Saturday, October 16, 2010
INTO THE FLAMES
Was there a good old bonfire -- as with the Nazis, or the anti-Harry Potterites? Somewhere in the center pentagon of the Pentagon? Or was there a festive scene roped off over at Madison Square Park with folks peering down from the Flatiron Building?
I queried my editor about how publishers "pulp" books, and he, in his innocence, never having pulped one, suggested that perhaps they feed the books into a large machine which turns the shreds into packing material, new paper and jiffy bags.
I suspect publishers don't actually burn books these carbon-conscious days, but offer them up as sacrifice to the chemical companies to deal with. And for a hardback book, that's a multi-step process, tearing off the covers, and dealing with them separately, cloth, cardboard, glue, and possibly plastic.
But whatever the process, "book-burning" is a description more accurate than an anodyne "recycling of printed material", and 9,600 copies met their maker as brass looked on, checking to make sure the deed was done.
Interesting, too, was the price we taxpayers forked up for the party. The book retails at $25.99, and Amazon sells it for $14.21 plus $3.99 shipping. The Department of Defense twisted St. Martin's arm to sell them the first run -- none to bookstores or Amazon -- for only $47,000. If you do the math, that's only $4.90 a copy. What a buy we got!
Not to be accused of censorship, our Freedom Fighters allowed St. Martins to publish a heavily redacted copy of the second edition. The great Russian writers had to deal with this all the time, so who are we to complain?
I once tried to burn a book. New in grad school, I thought I could make the world a better place with a ritual burning of Kafka's The Trial. I went out and splurged on a new, hardcover, Modern Library edition, along with a hefty tin pail in which to make the fire. With the LA Times for kindling, and some good Los Angeles brush and sticks, I had a nice blaze going, said an anti-blessing, and consigned the book to the flames. Kafka smothered the blaze in billows of smoke with no significant damage to self, and unhip neighbors upstairs called the fire department -- which didn't quite get the issue. Also I melted a hole in the floor's shellac. So you see it was a good idea for our defenders to check to see that the job was done, and done right.

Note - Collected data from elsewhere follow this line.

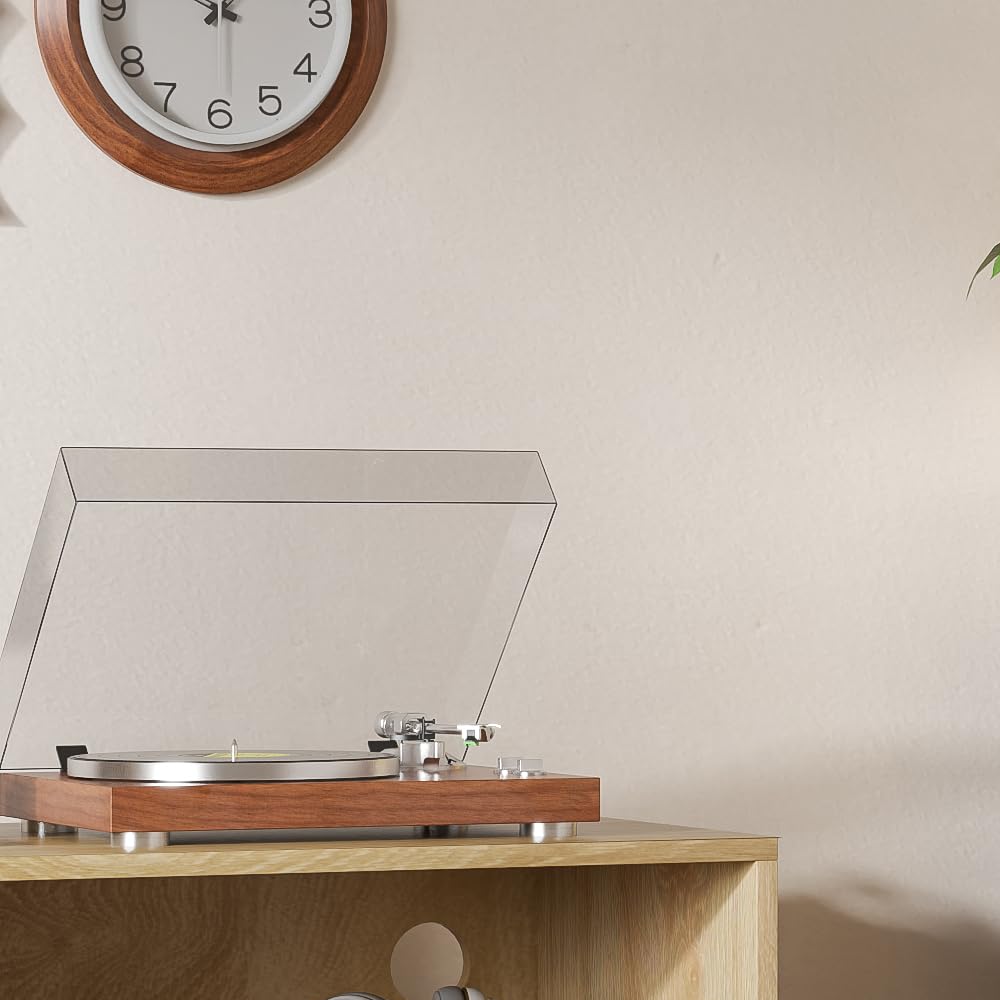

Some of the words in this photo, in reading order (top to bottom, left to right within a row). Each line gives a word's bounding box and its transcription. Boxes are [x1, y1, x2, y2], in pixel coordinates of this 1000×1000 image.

[103, 0, 126, 21] 9
[308, 0, 332, 28] 3
[121, 46, 144, 77] 8
[293, 53, 317, 83] 4
[153, 82, 177, 112] 7
[258, 86, 282, 116] 5
[208, 99, 232, 129] 6
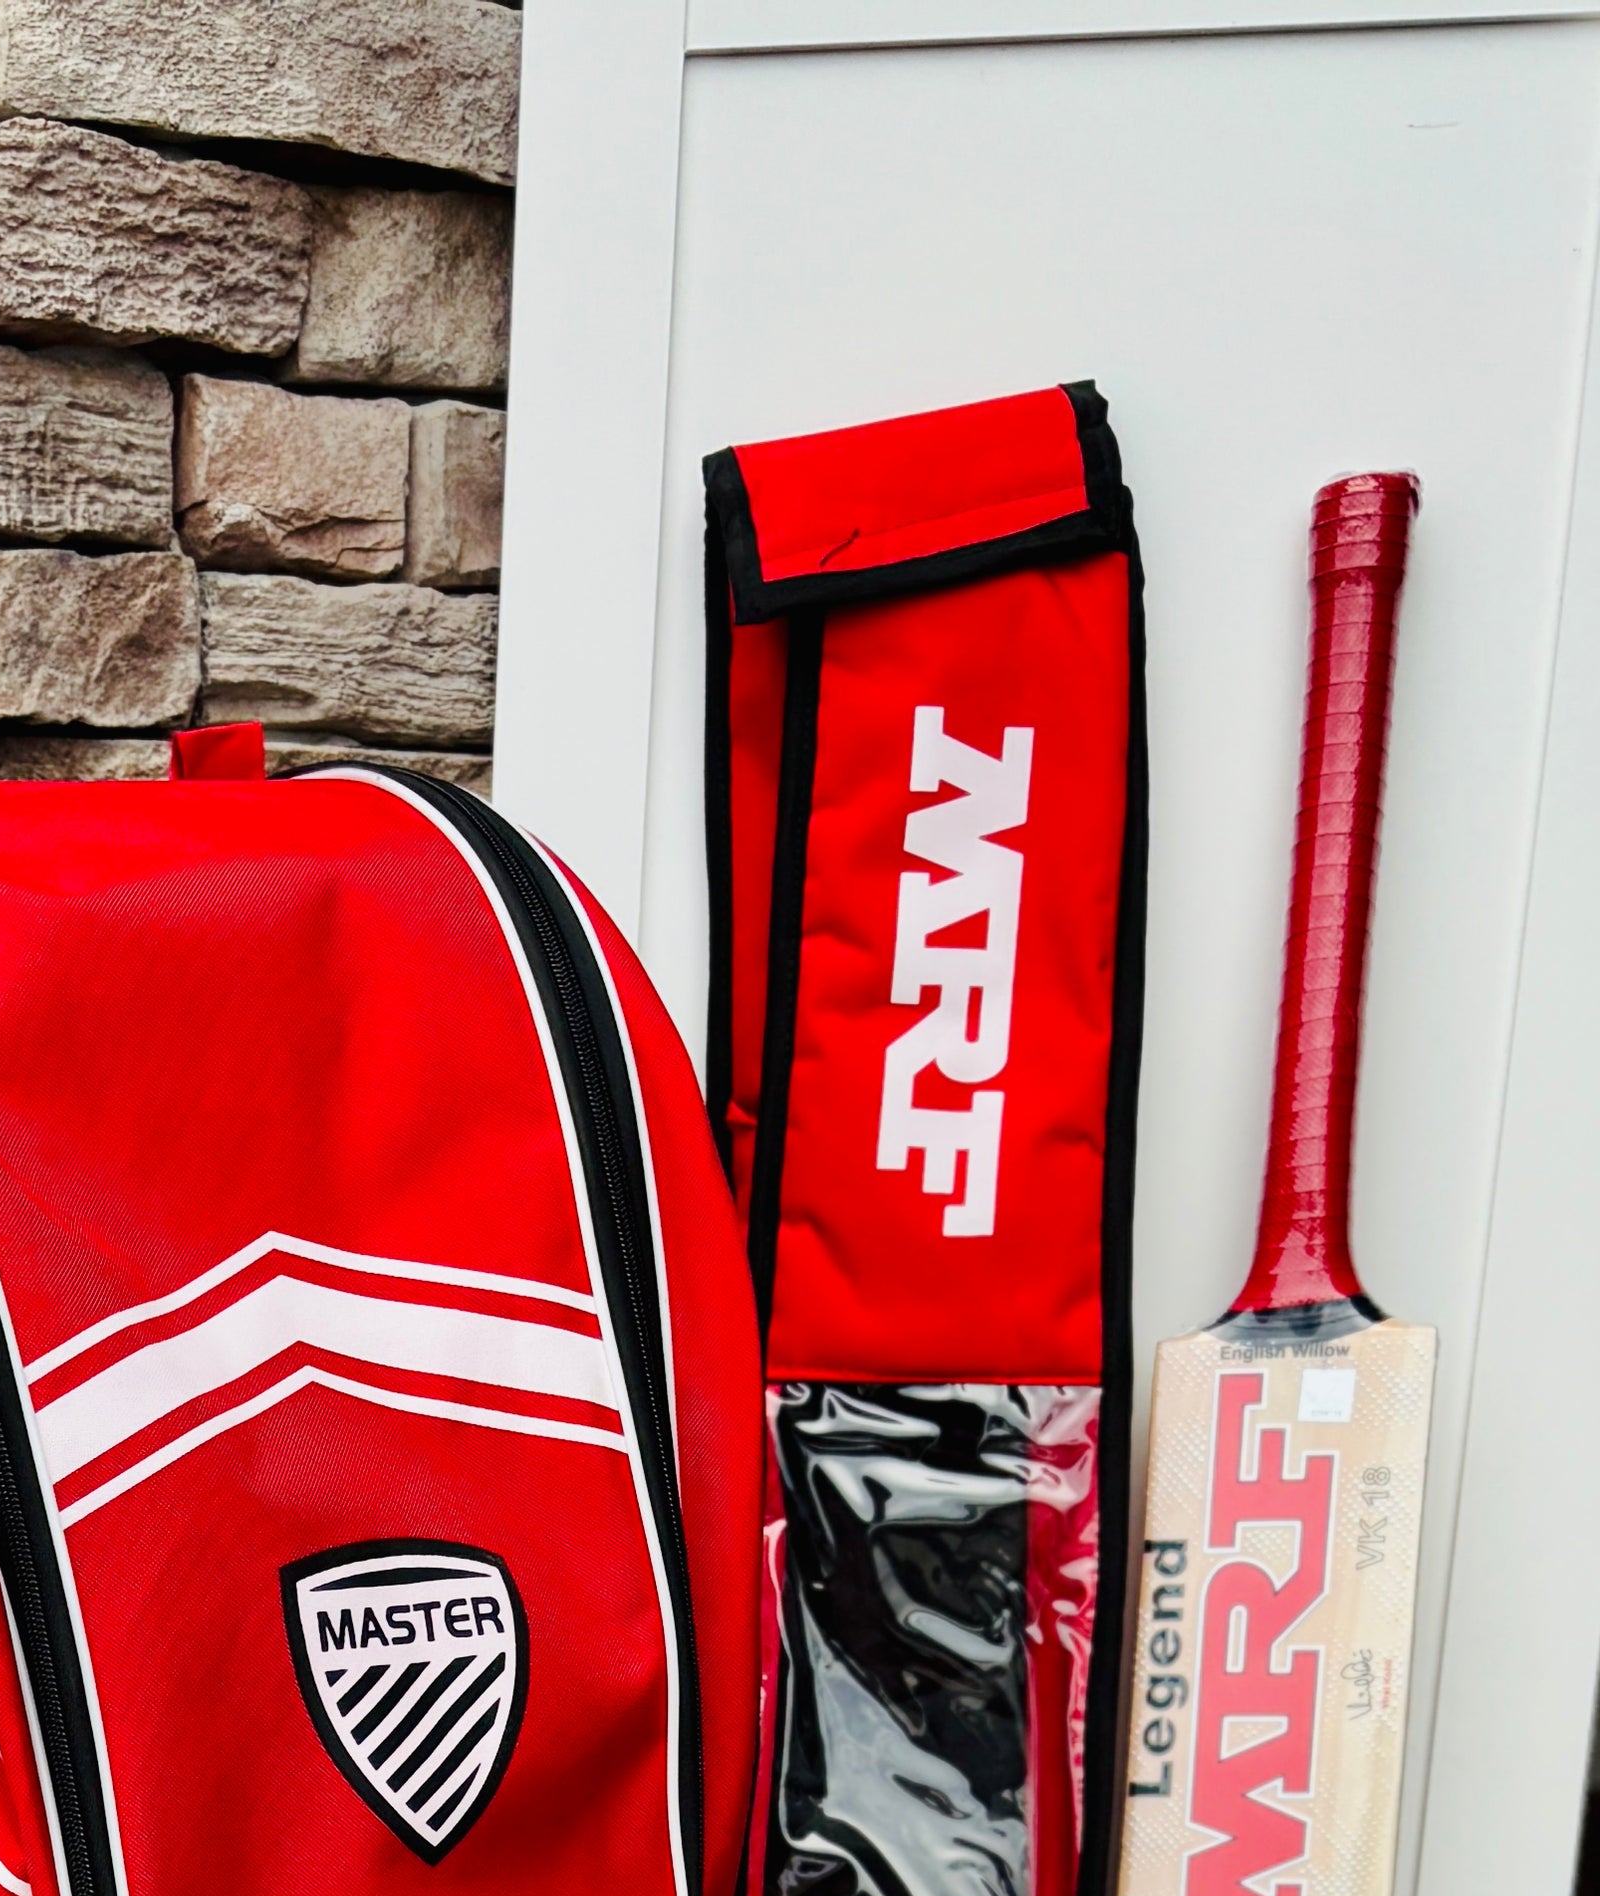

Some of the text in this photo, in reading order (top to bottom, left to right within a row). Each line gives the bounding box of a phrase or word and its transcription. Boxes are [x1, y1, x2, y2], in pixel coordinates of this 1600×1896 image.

[876, 706, 1035, 1237] MRF
[1219, 1344, 1351, 1363] English Willow
[1356, 1466, 1391, 1570] VK 18
[317, 1596, 505, 1652] MASTER
[1129, 1538, 1188, 1800] Legend

Why am I telling you all this? Most commentators have deplored the censorship aspect of this chapter of national-security mania. But I want to use these events to draw your attention to a story by that dark spirit of Salem, Nathaniel Hawthorne, a tale frequently left out of anthologies — "Earth's Holocaust" – an incisive cautionary to would-be reformers, radicals or revolutionaries like me, or possibly you.
Once upon a time, the inhabitants of the world determined to rid themselves of the evil accumulation of “worn-out trumpery”, by heaving it all into an enormous bonfire. Into the flames went
coats of armor, nobility
sceptres of emperors and kings
hogsheads of liquor
weapons and ammunition
machinery to inflict the punishment of death
daybooks and ledgers
statute books and printed paper in general
As the fire burns down, and the satisfied reformers leave to go to bed to wake to their new world, a little party—convivial, but despondent—is left hanging around the fire. It is the last murderer, the last thief, the last drunkard and the hangman.

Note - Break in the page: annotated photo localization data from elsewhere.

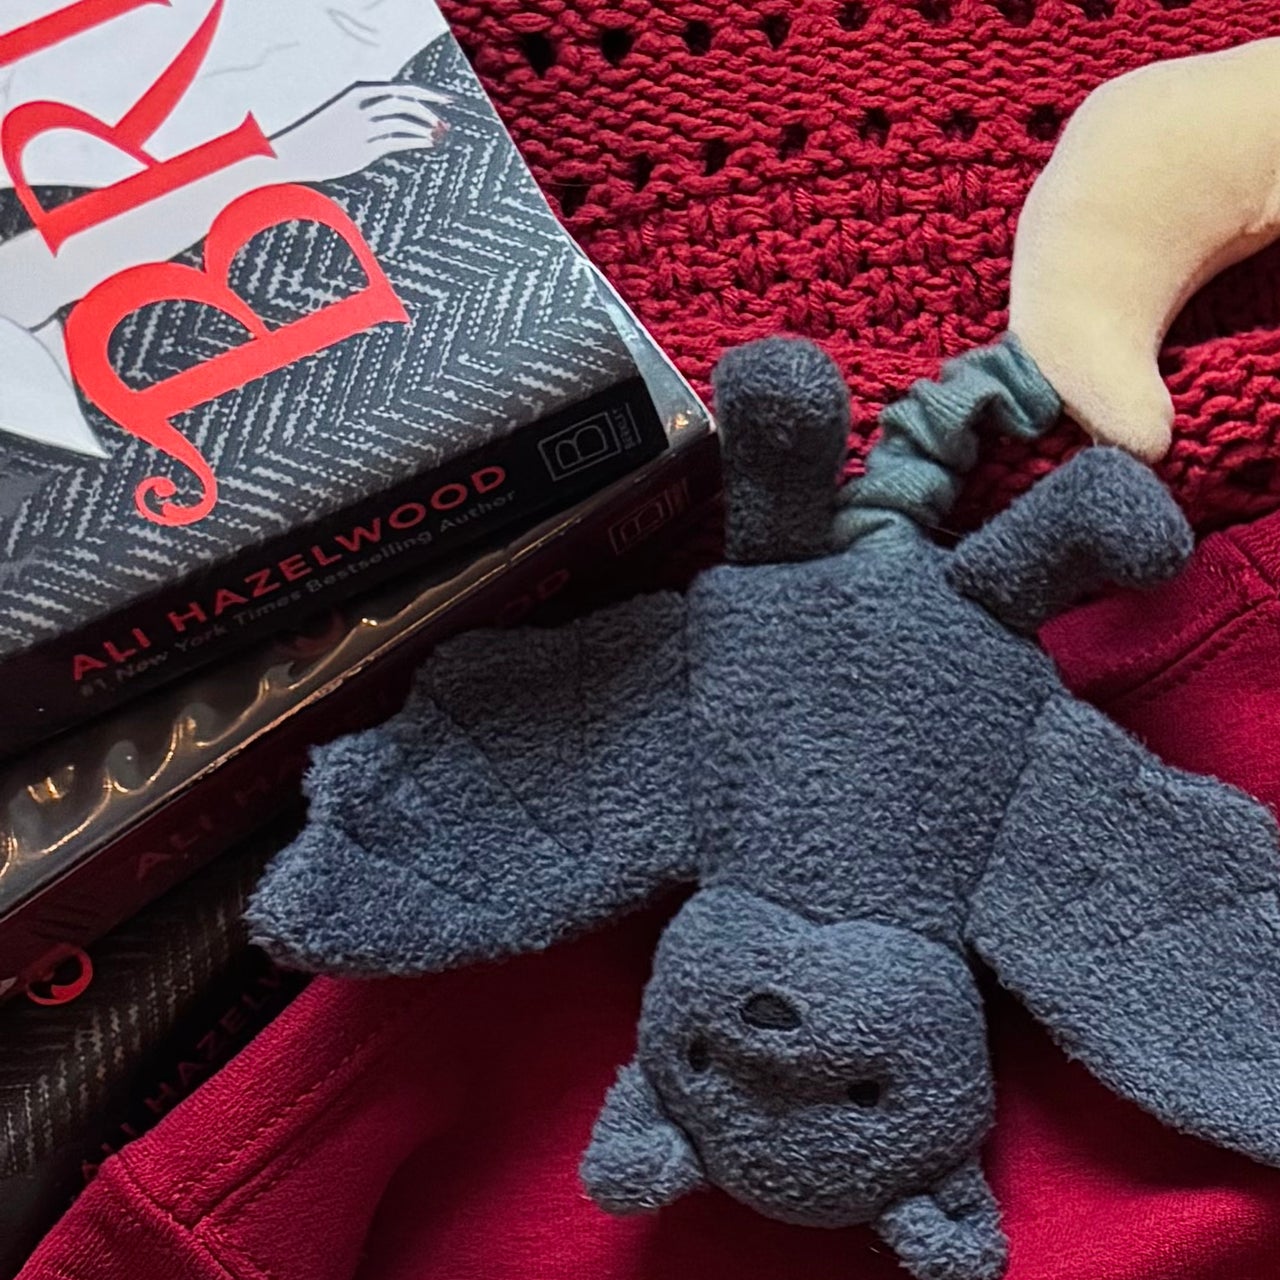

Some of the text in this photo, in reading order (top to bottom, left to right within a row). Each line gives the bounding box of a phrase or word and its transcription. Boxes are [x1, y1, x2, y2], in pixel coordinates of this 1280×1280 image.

[72, 626, 153, 682] ALI
[168, 465, 507, 632] HAZELWOOD
[115, 649, 169, 682] New
[175, 621, 228, 654] York
[234, 588, 301, 628] Times
[306, 528, 432, 594] Bestselling
[440, 489, 518, 534] Author

"The best counsel for all of us is," thought the hangman, was "that, as soon as we have finished the last drop of liquor, I help you, my three friends, to a comfortable end upon the nearest tree, and then hang myself on the same bough. This is no world for us any longer."
The despair of the wicked at the new-created world.
"Poh, poh, my good fellows!" said a dark-complexioned personage, who now joined the group—his complexion was indeed truly dark, and his eyes glowed with a redder light than that of the bonfire; "be not so cast down, my dear friends; you shall see good days yet. There's one thing that these wiseacres have forgotten to throw into the fire, and with which all the rest of the conflagration is just nothing at all; yes, though they had burned the earth itself into a cinder."
"And what may that be?" eagerly demanded the last murderer.
"What but the human heart itself?" said the dark-visaged stranger, with a portentous grin. "And, unless they hit upon some method of purifying that foul cavern, forth from it will reissue all the shapes of wrong and misery—the same old shapes or worse ones—which they have taken such a vast deal of trouble to consume to ashes. I have stood by this livelong night and laughed in my sleeve at the whole business. Oh, take my word for it, it will be the old world yet!"
You can see, perhaps, why this is rarely anthologized.
Call it depraved or misguided, but it is this "foul cavern" — foul, if often sublime—that continues to attract and orient my attention. It's why I write novels.
Oh, btw, the title of the book the DoD recently burned is Operation Dark Heart.